NaissanceE is a first-person adventure game developed by French studio Limasse Five and released for Microsoft Windows in 13 February 2014. Players control Lucy, who navigates an expansive, abstract structure with shifting architecture and environmental challenges. The game incorporates light and shadow mechanics, platforming sequences, and exploration-based progression, with no direct storytelling or guidance.

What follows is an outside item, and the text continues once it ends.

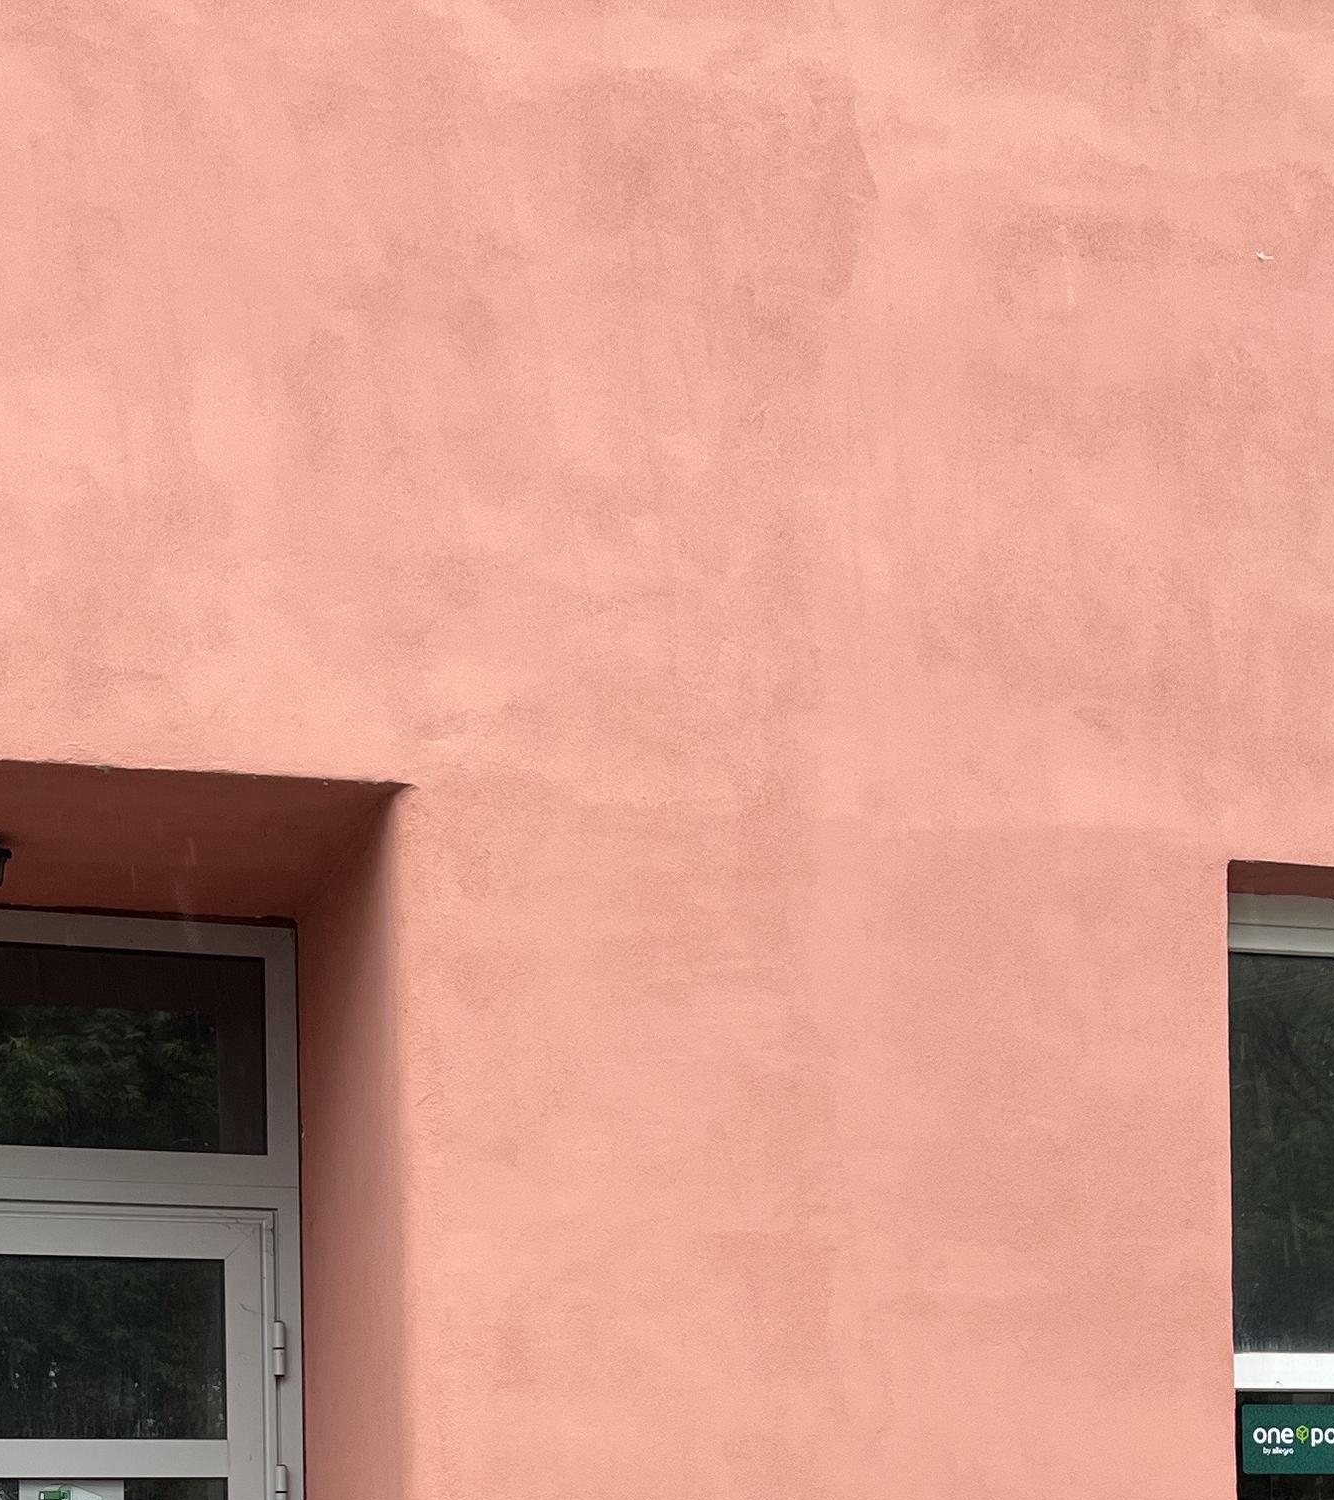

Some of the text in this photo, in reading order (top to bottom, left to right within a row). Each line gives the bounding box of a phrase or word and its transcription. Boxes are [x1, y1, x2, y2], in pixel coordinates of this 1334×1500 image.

[1252, 1427, 1295, 1444] one
[1262, 1446, 1294, 1457] by allegro

The world of NaissanceE features large-scale geometric environments and dynamic spaces that emphasize solitude and discovery. Puzzles and traversal mechanics require players to adapt to the evolving terrain, solving spatial challenges and interacting with the environment to progress. The game draws inspiration from titles like Another World and Ico, encouraging interpretation through its minimalist design and atmospheric presentation.

==Gameplay==
The gameplay in NaissanceE is presented in a first-person perspective, allowing the player to move around environments, sprint and jump over gaps and duck to crawl through short passages. Gameplay consists primarily of exploration, with occasional puzzles and platforming challenges. Unlike other games in the adventure and platformer genre, the player cannot interact with objects in the world except by moving into them. Puzzle mechanics include orbs of light which change position when bumped into, revealing new areas and covering other areas in shadow. When sprinting, a circle will flash in the center of the screen, prompting the player to pass a quick-time event in order to maintain their speed. Health depleted by falling will automatically replenish over time, while falling too great a distance will result in a game over. Certain hazards in the world will result in an instant game over as well.

==Plot==

NaissanceE follows the story of Lucy, a lone roamer who finds herself stuck in an enormous, surreal building. The game begins with Lucy being chased by some invisible entity before falling through a trapdoor into a massive, labyrinthine world. With no direction or explanation, she must navigate the shifting landscape, solving environmental puzzles and avoiding hidden dangers.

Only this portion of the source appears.